センサーサイズとは、デジタルカメラに内蔵されている、『光をキャッチして画像を作り出す、イメージセンサーの大きさ』のこと。

実は、GOOPASS MAGAZINE読者の皆さんがお持ちのiPhoneやAndroidなどのスマートフォンのカメラにも内蔵されているんです。後ほど解説しますが、このセンサーサイズが大きくなればなるほど画質は良くなり、それに比例して価格も高くなります。

センサーサイズとは?フルサイズとAPS-Cを比較します

フルサイズより大きな中判サイズや、マイクロフォーサーズより小さな1型(1インチ)、1型より小さなスマホ用のセンサーサイズ1/2.3型なども存在します。

センサーサイズの種類について

スマートフォン

約6.2mm×4.6mmのイメージセンサーです。

フルサイズ

約36.0mm×24.0mmのイメージセンサーです。

■フルサイズカメラ例
SONY(ソニー)の『α7・α9シリーズ』、Canon(キヤノン)の『EOS 5Dシリーズ』、Panasonic(パナソニック)の『LUMIX Sシリーズ』など

APS-C

約23.6mm×15.8mmのイメージセンサーです。

■APS-Cカメラ例
Canon(キヤノン)の『EOS 80D』『EOS 90D』、Nikon(ニコン)の『D7200』『D7500』など

マイクロフォーサーズ

約17.3mm×13.0mmのイメージセンサーです。
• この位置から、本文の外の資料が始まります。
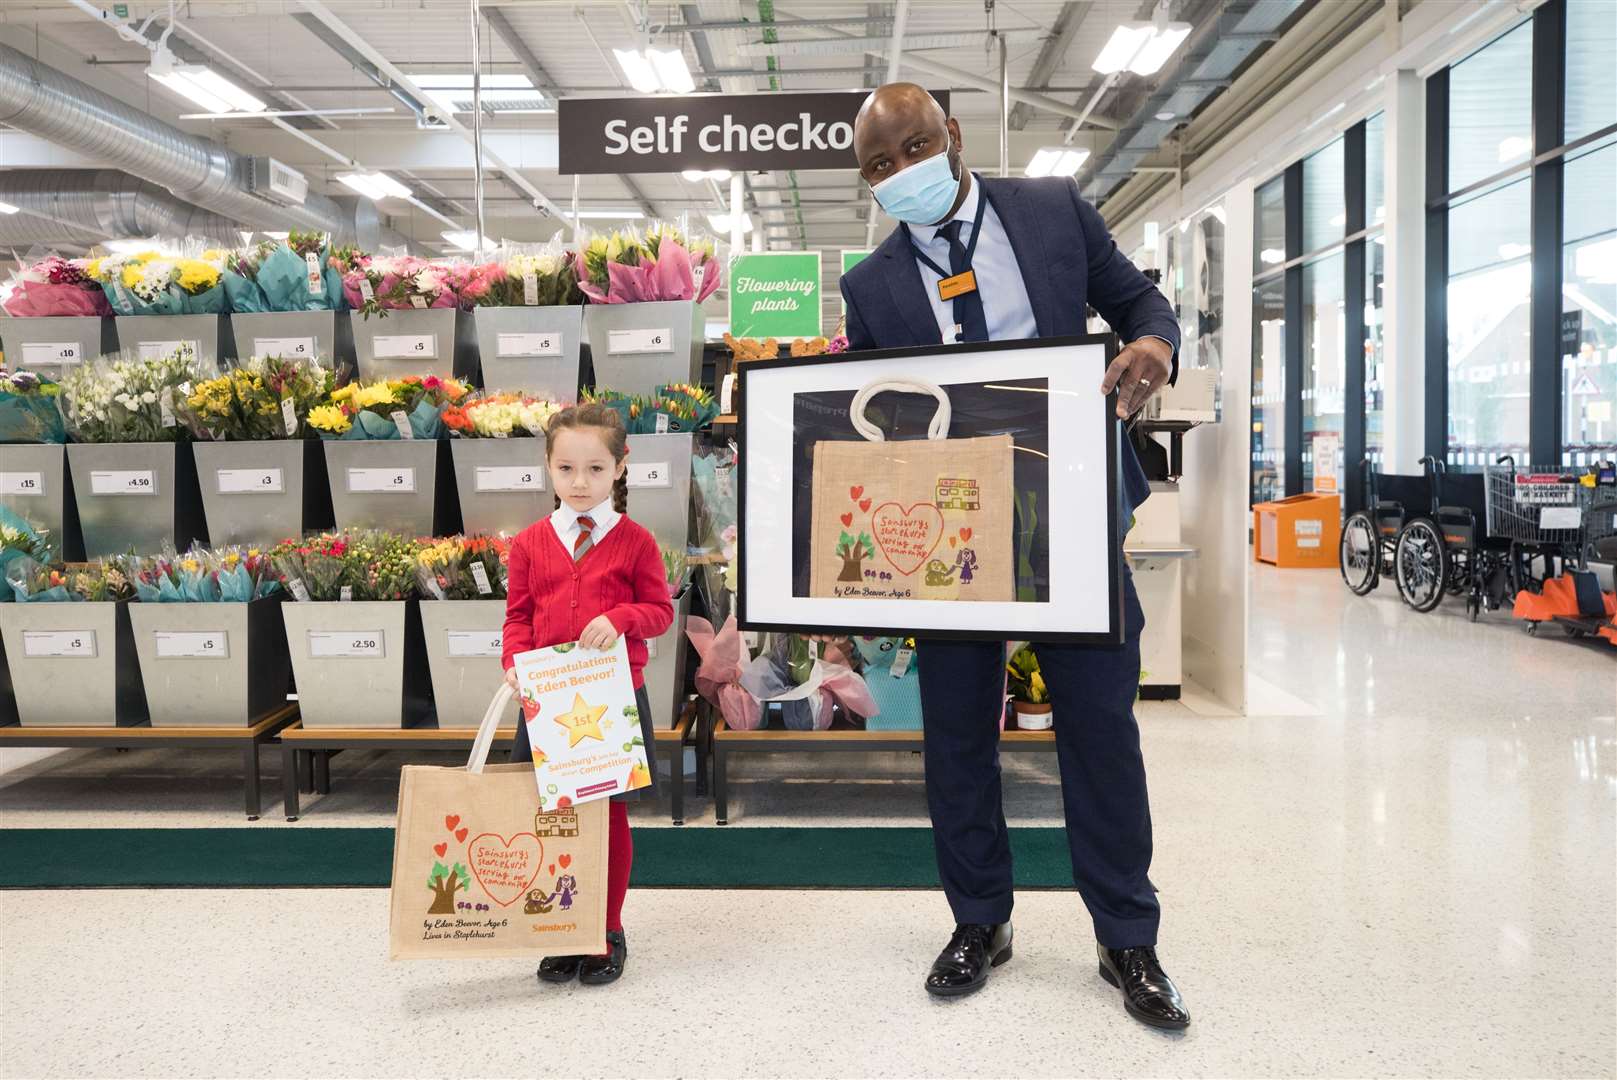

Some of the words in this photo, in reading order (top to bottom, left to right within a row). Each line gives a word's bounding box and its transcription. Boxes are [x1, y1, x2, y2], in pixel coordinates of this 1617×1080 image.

[604, 115, 689, 155] Self
[699, 112, 854, 153] checko
[736, 277, 816, 296] Flowering
[750, 297, 799, 314] plants
[540, 339, 550, 348] £5
[651, 336, 662, 345] £6
[295, 344, 305, 353] £5
[415, 342, 424, 351] £5
[60, 349, 74, 357] £10
[521, 474, 532, 482] £3
[648, 471, 658, 480] £5
[21, 480, 35, 488] £15
[262, 476, 272, 485] £3
[393, 476, 403, 485] £5
[843, 586, 861, 596] Eden
[888, 588, 905, 599] Age
[905, 589, 911, 597] 6
[71, 639, 82, 648] £5
[203, 640, 214, 649] £5
[352, 640, 375, 648] £2.50
[491, 639, 503, 647] £2.
[528, 655, 617, 681] Congratulations
[536, 678, 567, 694] Eden
[569, 667, 616, 686] Beevor!
[573, 713, 592, 727] 1st
[548, 754, 597, 774] Sainsbury's
[579, 757, 632, 775] Competition
[423, 919, 432, 930] by
[434, 918, 453, 928] Eden
[483, 918, 501, 930] Age
[501, 918, 508, 927] 6
[423, 930, 442, 940] Lives
[443, 931, 452, 939] in
[453, 929, 496, 941] Staplehurst
コンデジ(=コンパクトデジタルカメラ)などにも内蔵されています。

■マイクロフォーサーズ例
OM SYSTEM(オーエムシステム)の『OM-D E-M1X』、Panasonic(パナソニック)の『LUMIX DC-GH6』など

センサーサイズが変わると、何が変わるの?

では、カメラのセンサーサイズが変わると、撮影する写真にどのような影響を与えるのでしょうか。またレンズ選択にも影響があるのでしょうか。

ここでは、一般的なデジタルカメラに搭載されているセンサー、【フルサイズ】【APS-C】【マイクロフォーサーズ】の違いについて紹介します。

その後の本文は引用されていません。